Brief Course Description

1. Course Title:

Risk Analysis & Modelling

2. Language of Instruction:

Tiếng Việt

3. Course Code:

FIN505087

4. Credits:

3

5. Course Objectives:

The Risk Analysis and Modelling course provides the learners the in-depth knowledge and practical skills needed to analyse, evaluate, and model risks in the financial sector. Specifically, this course aims to: - Help learners master the concepts related to risk and modelling, including common types of risks such as market risk, credit risk, and operational risk. - Use quantitative methods to analyse and evaluate the level of risk in real-world situations, including collecting, processing, and interpreting risk data. - Learn how to build and apply mathematical, statistical, and computational models to simulate and predict risk scenarios. This includes the use of popular modelling tools and software. - Help learners learn how to forecast risks and analyse different scenarios based on data modelling, thereby making effective risk management decisions. - Learners will learn how to test and evaluate the effectiveness of the models they have built and adjust and improve them to ensure accuracy and practical applicability. - Learners will be introduced to modern risk analysis and modelling software, thereby improving their practical skills and ability to apply knowledge to real-world situations.

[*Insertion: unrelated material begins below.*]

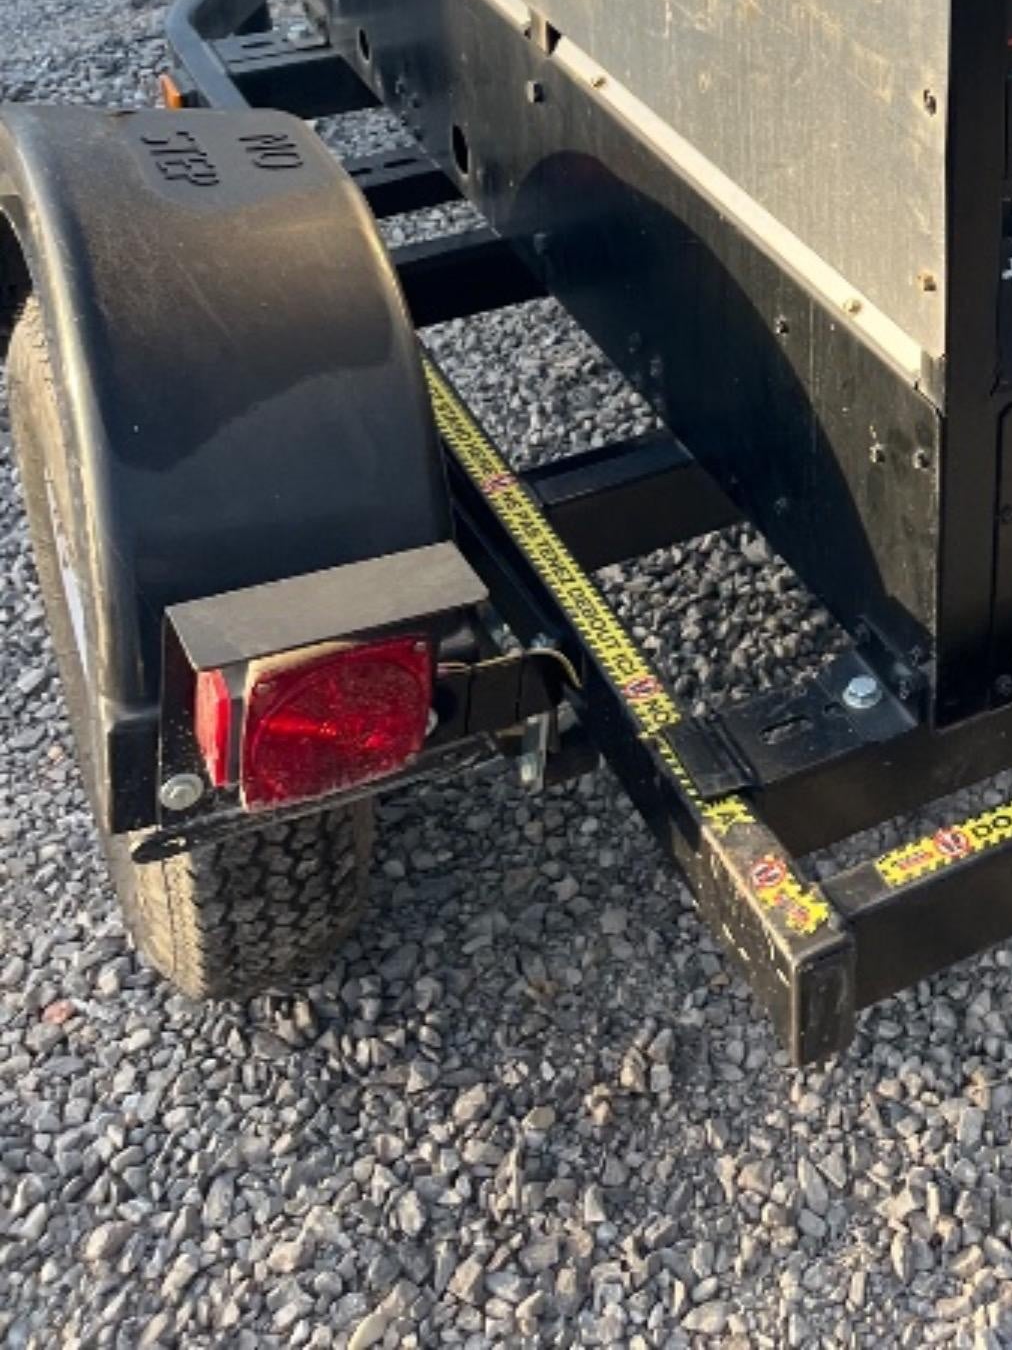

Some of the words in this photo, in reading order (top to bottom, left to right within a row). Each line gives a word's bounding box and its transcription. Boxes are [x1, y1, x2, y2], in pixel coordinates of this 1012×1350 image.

[139, 130, 221, 187] STEP
[238, 133, 304, 171] NO
[566, 587, 623, 649] DEBOUT
[971, 814, 1012, 839] DO

6. Brief Description of Course Content:

This course explores quantitative risk measurement and modeling methods. It provides students with an in-depth understanding of market risk analysis from a practical and technical perspective. Topics covered include pricing and return attributes, univariate and multivariate models for risk forecasting, risk metrics, making and evaluating risk forecasts, and simulation.

After completion of this course, students will be able to understand the theoretical and technical concepts used in market risk analysis. In addition, the course will enable students to use programming language tools in quantitative risk management. This will enable students to address practical risk management problems from a quantitative perspective.